Now, hang on, I say. You're railing against all the things you are, and have. The Moschino suits. The terrific legs. The house in West Hampstead, as well as the little flat in town. The famous husband. The famous friends. The bestselling novels. The girly night in-crowd thing. You make other women feel inadequate. I'm jealous of you.

She just can't see it, though. Or won't see it. She should, actually, be in Hello! Have you ever done Hello!? "Oh, God no. They did ring me to do it once and I said I'd do it as a spoof. Crap everywhere, house in state of chaos, yelling at the children. One of the editors agreed but then the head person found out and freaked." Sadly, I say, there's just no ironic typeface at Hello!. Still, it's worth it for the madly over-decorated nurseries all celebrities seem to go for when they've just had a baby. "You know those children are going to put themselves up for adoption very, very quickly," she says.

Plus, of course, Hello! understands that you just can't see Jane Seymour's dining-table from too many angles. She laughs at this. It's a very old line of mine. But I'm buggered if I'm going to be beaten at my own game.

In short, she is complicated but very likeable and genuinely warm. For every question I ask her, she asks me two, which does help me feel less pallid. She has, also, tackled some taboos, has come out and said that no matter how dearly you love your kids, time does not fly while helping them do a three-piece Spot puzzle for the 467th time. "More women are writing about it now. Naomi Wolf, Rachel Cusk. But they could do with a few more jokes."

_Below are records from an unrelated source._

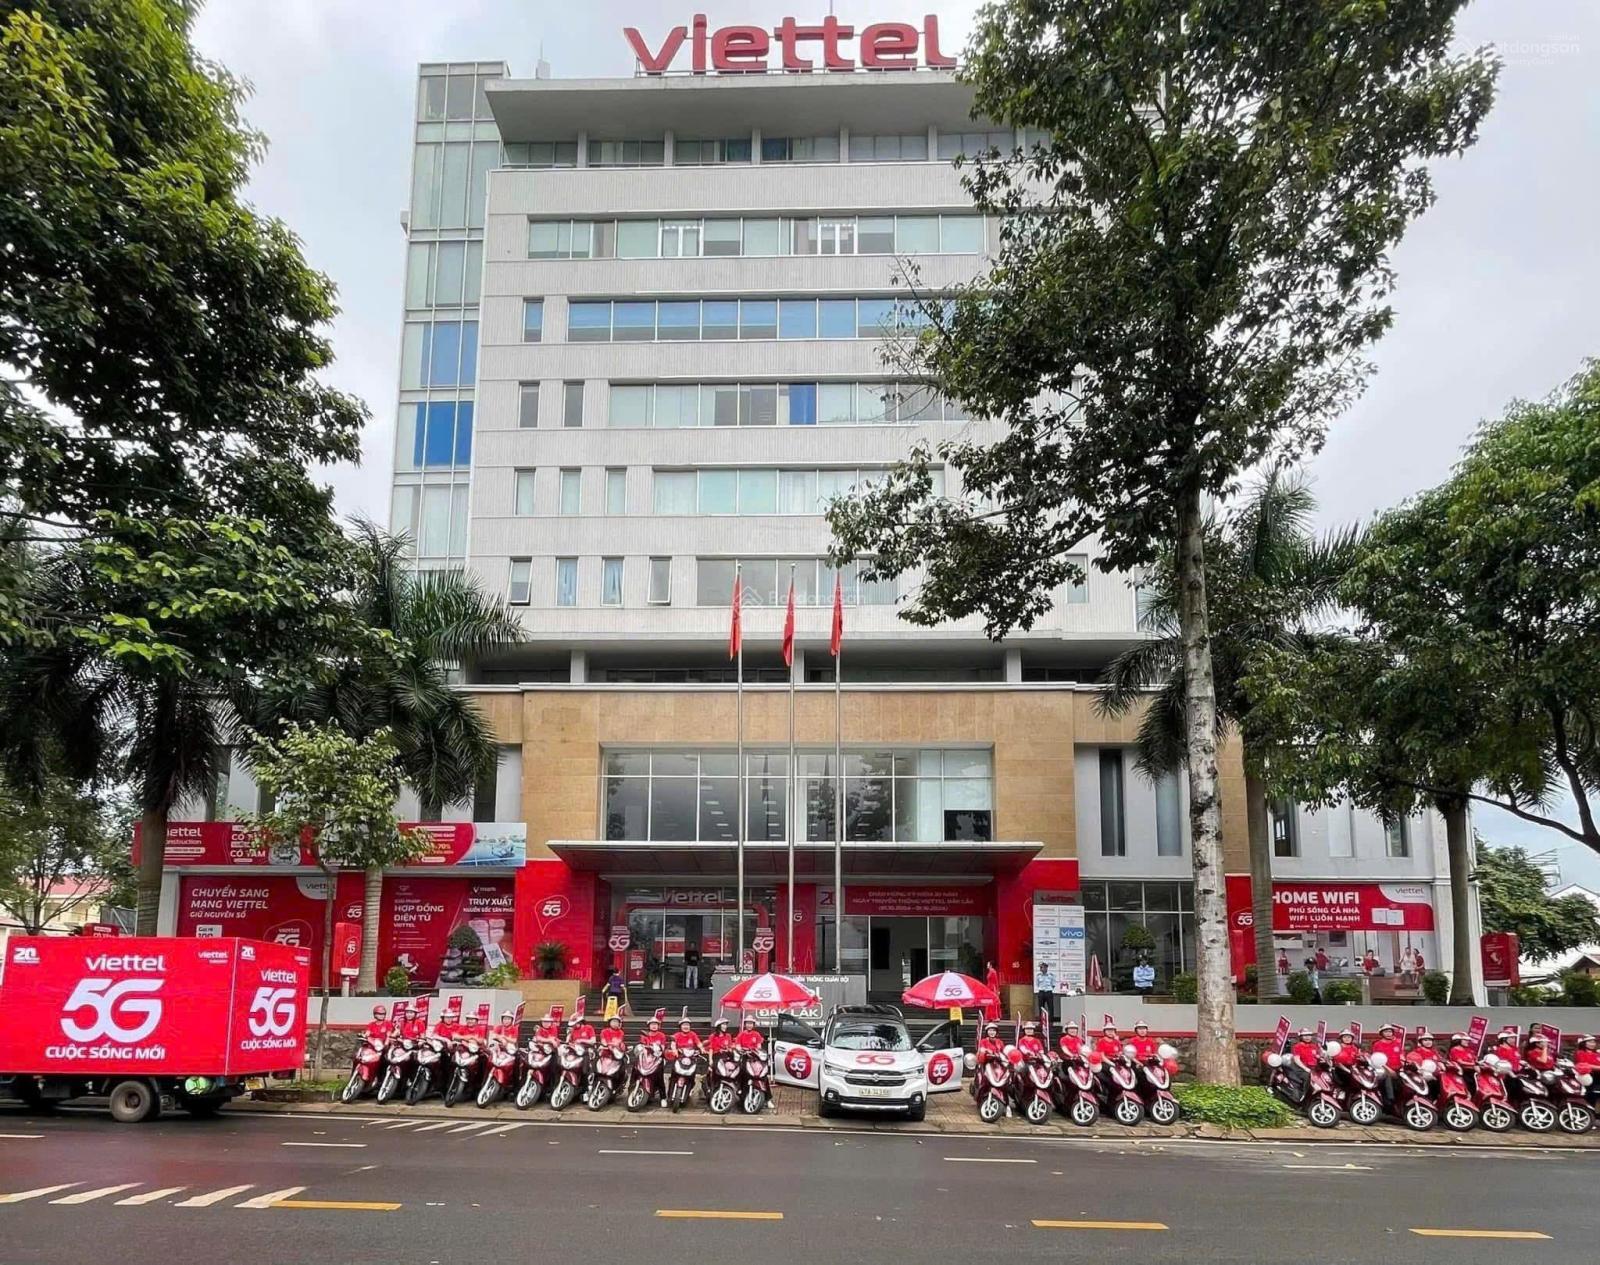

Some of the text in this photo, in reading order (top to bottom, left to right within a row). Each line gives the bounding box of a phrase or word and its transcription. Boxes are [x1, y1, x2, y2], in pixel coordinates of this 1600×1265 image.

[623, 13, 957, 75] viettel
[167, 827, 202, 837] iettel
[192, 884, 270, 898] CHUYỂN SANG
[1272, 891, 1359, 904] HOME WIFI
[226, 900, 269, 909] VIETTEL
[491, 896, 513, 905] XUẤT
[1307, 905, 1329, 914] SÓNG
[1061, 930, 1083, 938] vivo
[85, 953, 166, 971] viettel
[260, 969, 297, 983] viettel
[944, 988, 962, 997] 5G
[60, 978, 165, 1043] 5G
[248, 986, 297, 1037] 5G
[45, 1042, 166, 1060] CUỘC SỐNG MỚI
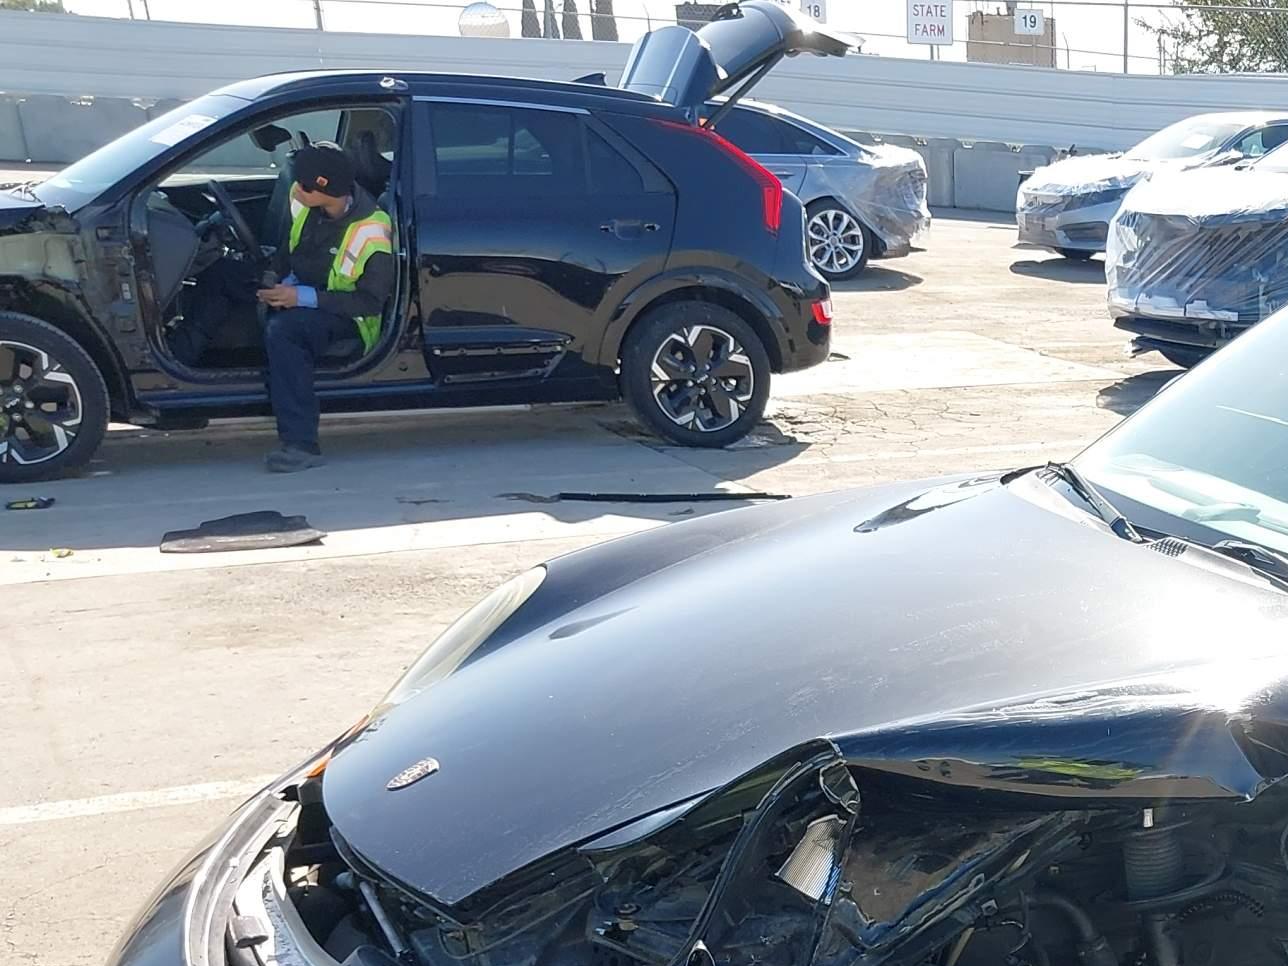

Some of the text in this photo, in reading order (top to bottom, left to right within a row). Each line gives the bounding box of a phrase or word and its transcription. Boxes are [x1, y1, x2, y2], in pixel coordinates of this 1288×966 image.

[806, 4, 821, 18] 18
[912, 4, 947, 18] STATE
[1021, 14, 1037, 28] 19
[914, 23, 945, 37] FARM
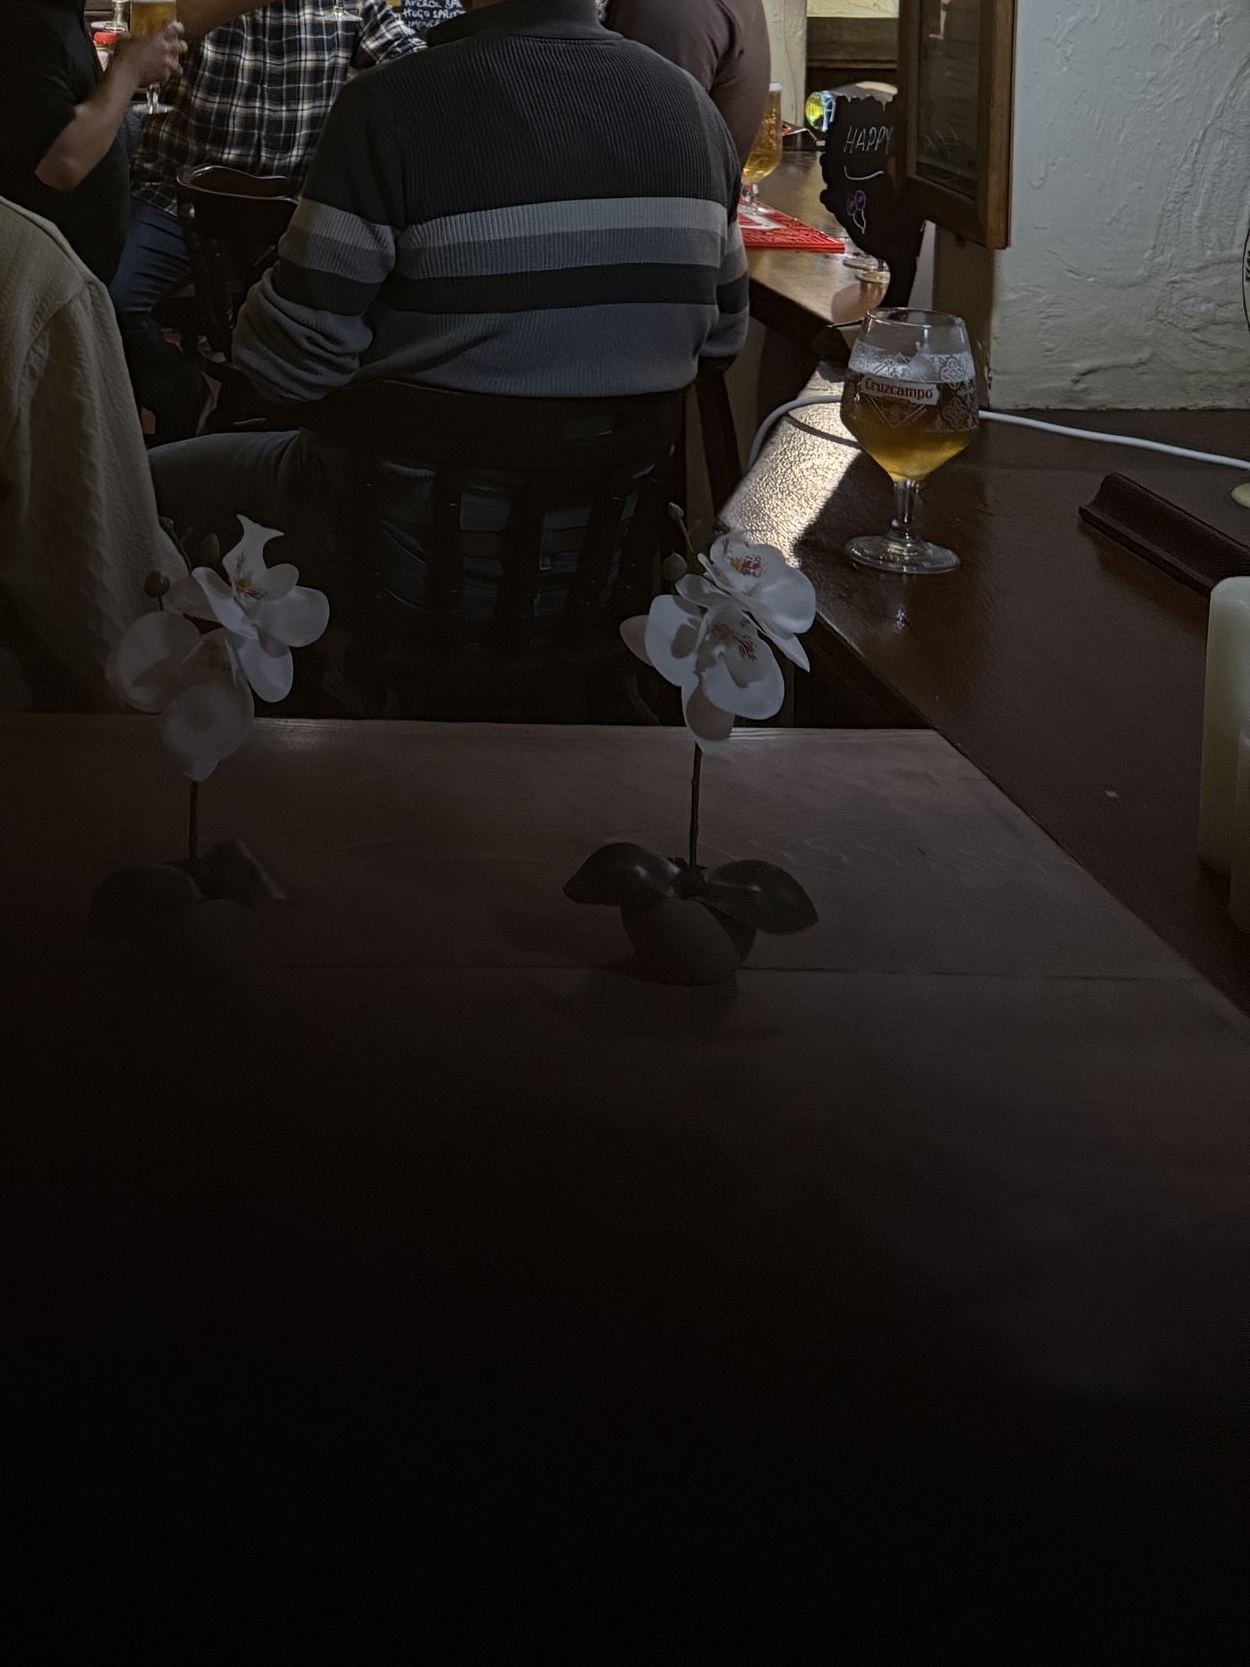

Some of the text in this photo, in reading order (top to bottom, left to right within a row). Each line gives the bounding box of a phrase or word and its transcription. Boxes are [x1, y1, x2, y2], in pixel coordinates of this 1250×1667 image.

She gives me a lift in her taxi part of the way. She would have taken me all the way, she says, but she has to take Georgie to Fun with Music or something. My last glimpse of her is in the back of the cab, waving a shimmering aquamarine arm and those fire-engine fingertips. I do hope the champagne and face-pack and hilarity thing comes off. I might even do the Moschino-macaw thing. After all, birds of a feather should frock together... (Oh God, it is sodding catching!)